TASK: Word for word, copy the records and drop the pictures.

RECORD SET:
========================================
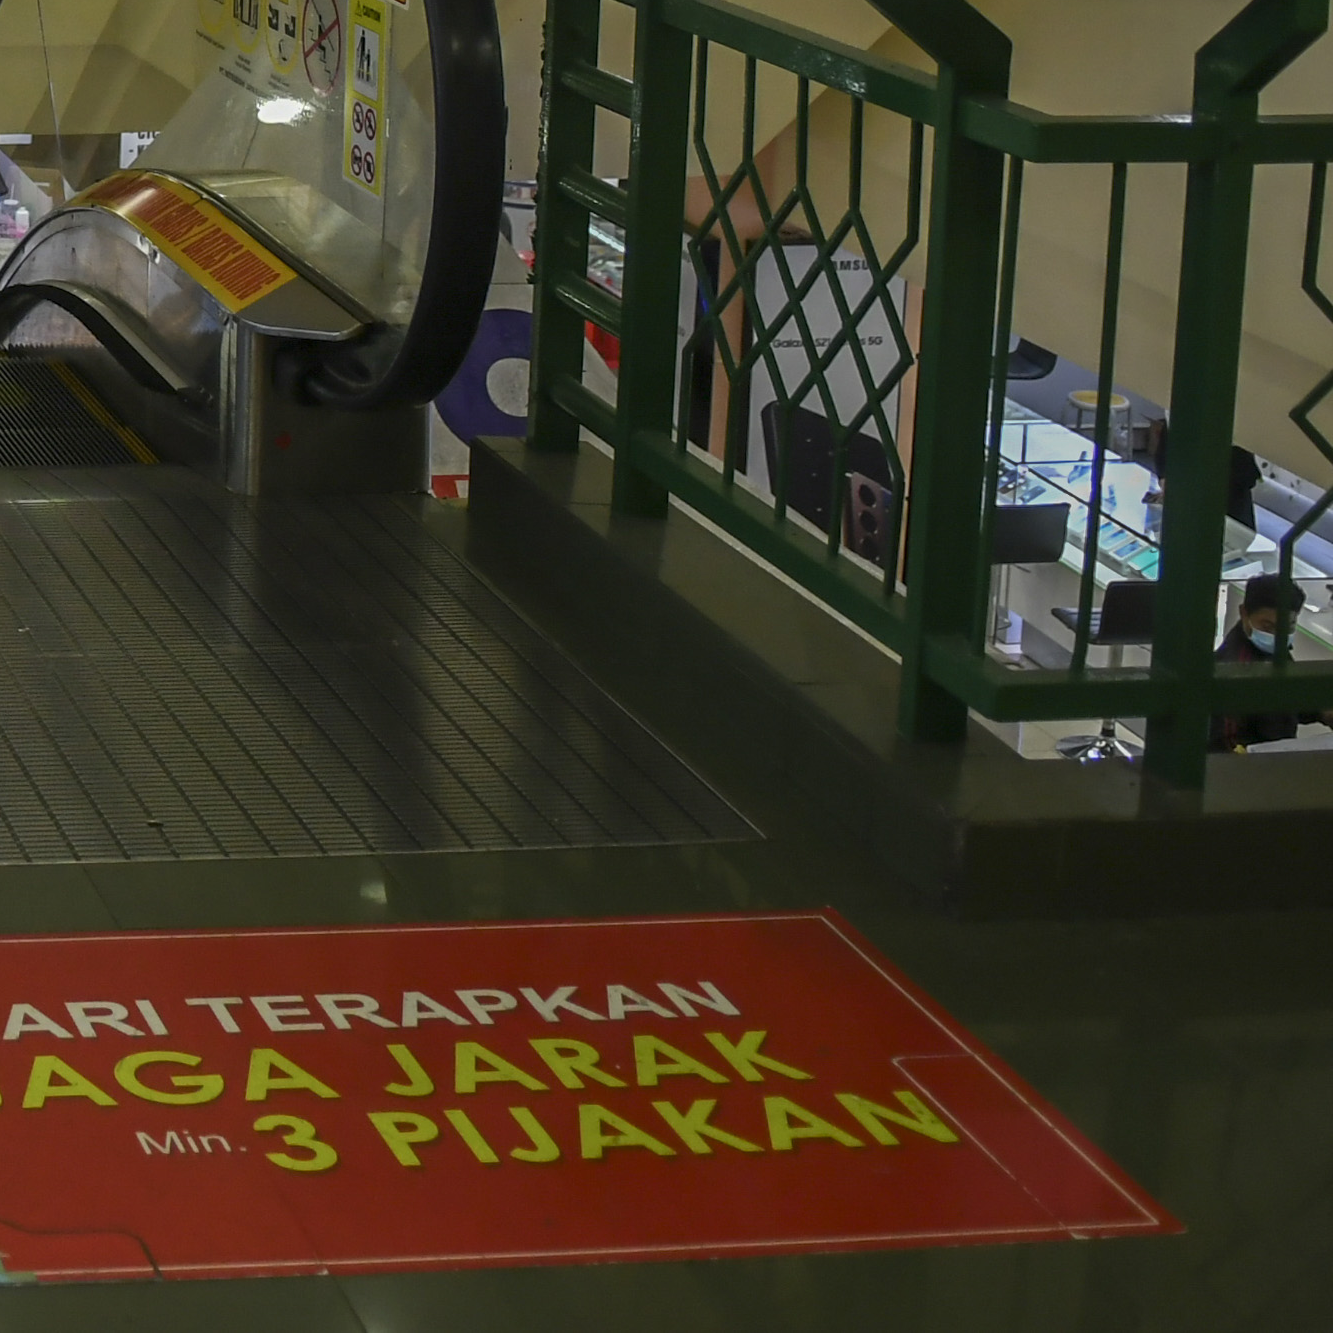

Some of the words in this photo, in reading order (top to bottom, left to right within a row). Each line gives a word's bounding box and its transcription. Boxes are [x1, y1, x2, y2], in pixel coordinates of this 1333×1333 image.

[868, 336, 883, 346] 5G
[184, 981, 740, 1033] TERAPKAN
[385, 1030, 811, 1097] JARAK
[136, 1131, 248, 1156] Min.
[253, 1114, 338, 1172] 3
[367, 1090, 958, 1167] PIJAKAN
========================================
OUTPUT FOR THIS EXERCISE:
Some of the words in this photo, in reading order (top to bottom, left to right within a row). Each line gives a word's bounding box and its transcription. Boxes are [x1, y1, x2, y2], in pixel coordinates of this 1333×1333 image.

[868, 336, 883, 346] 5G
[184, 981, 740, 1033] TERAPKAN
[385, 1030, 811, 1097] JARAK
[136, 1131, 248, 1156] Min.
[253, 1114, 338, 1172] 3
[367, 1090, 958, 1167] PIJAKAN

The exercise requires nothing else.